Никто, собственно, и не думал останавливать Ванихису. В Уракасу вряд ли сыскался бы глупец, который захотел бы приостановить столь любопытное зрелище. Зеваки, держась на приличном расстоянии, посмеивались и подзадоривали Ванихису, наблюдая за его тщетными попытками взобраться на каланчу. Ванихиса поднимался по пожарной лестнице на две-три перекладины, соскальзывал вниз, вновь поднимался и вновь соскальзывал. Это еще больше распаляло его.
— Что за дурацкие шутки! Кто смеет надо мной издеваться?! — орал он. — Прочь с дороги! Прочь — не то покажу, где раки зимуют!
Совершенно обессилев, он ухватился обеими руками за перекладину, прислонился к лестнице, да так и уснул.
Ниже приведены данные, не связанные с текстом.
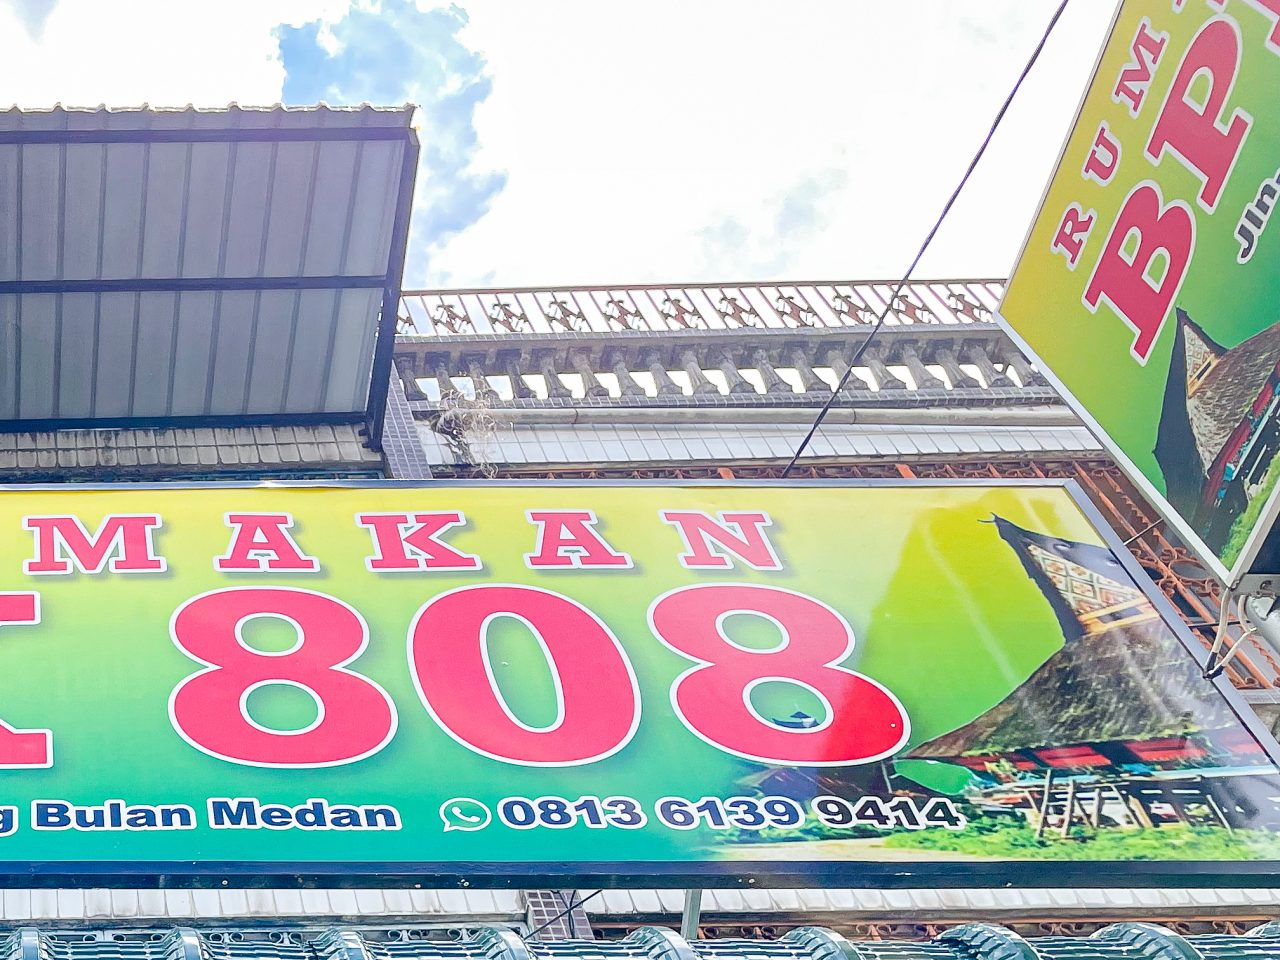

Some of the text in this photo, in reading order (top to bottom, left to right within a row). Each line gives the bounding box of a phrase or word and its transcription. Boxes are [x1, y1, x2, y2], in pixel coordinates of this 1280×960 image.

Прибежала жена Ванихисы, с трудом разбудила захмелевшего супруга и увела домой.
Свадебное торжество в ресторане «Ямагути» благополучно завершилось, и молодожены отправились домой. Судьба пока улыбалась Горо. Он окончил всего лишь начальную школу, а жена — женский колледж в Токио. Был он простым, неказистым парнем, а жену себе взял миловидную, со столичным образованием. Горо считал, что ему здорово повезло, и его сердце переполняла радостная тревога — чувство, знакомое актеру, когда занавес поднимается и он впервые предстает перед зрителями на сцене. Но нежданно-негаданно судьба перестала расточать Горо улыбки и показала ему язык.
Как только молодые супруги вошли в спальню, Юико стала сыпать песок вокруг своей постели. Перехватив рукой горловину льняного мешочка, она высыпала из него песок узкой струей, сооружая песчаную баррикаду. Горо недоуменно наблюдал за ее действиями. И лишь когда Юико улеглась в постель, которая оказалась теперь в центре песчаного круга, он пришел в себя и спросил:
— Это заклинание, что ли?
— Никакое не заклинание. Просто мне сказали, что я должна это делать до тех пор, пока не окончится траур по матушке.
Горо на минуту задумался.
— Когда же она изволила скончаться?
— Кого вы имеете в виду? — слегка опешив, спросила Юико.
— Твою мать, конечно. Кого же еще? Ты же сама сказала: «Пока не окончится траур по матушке».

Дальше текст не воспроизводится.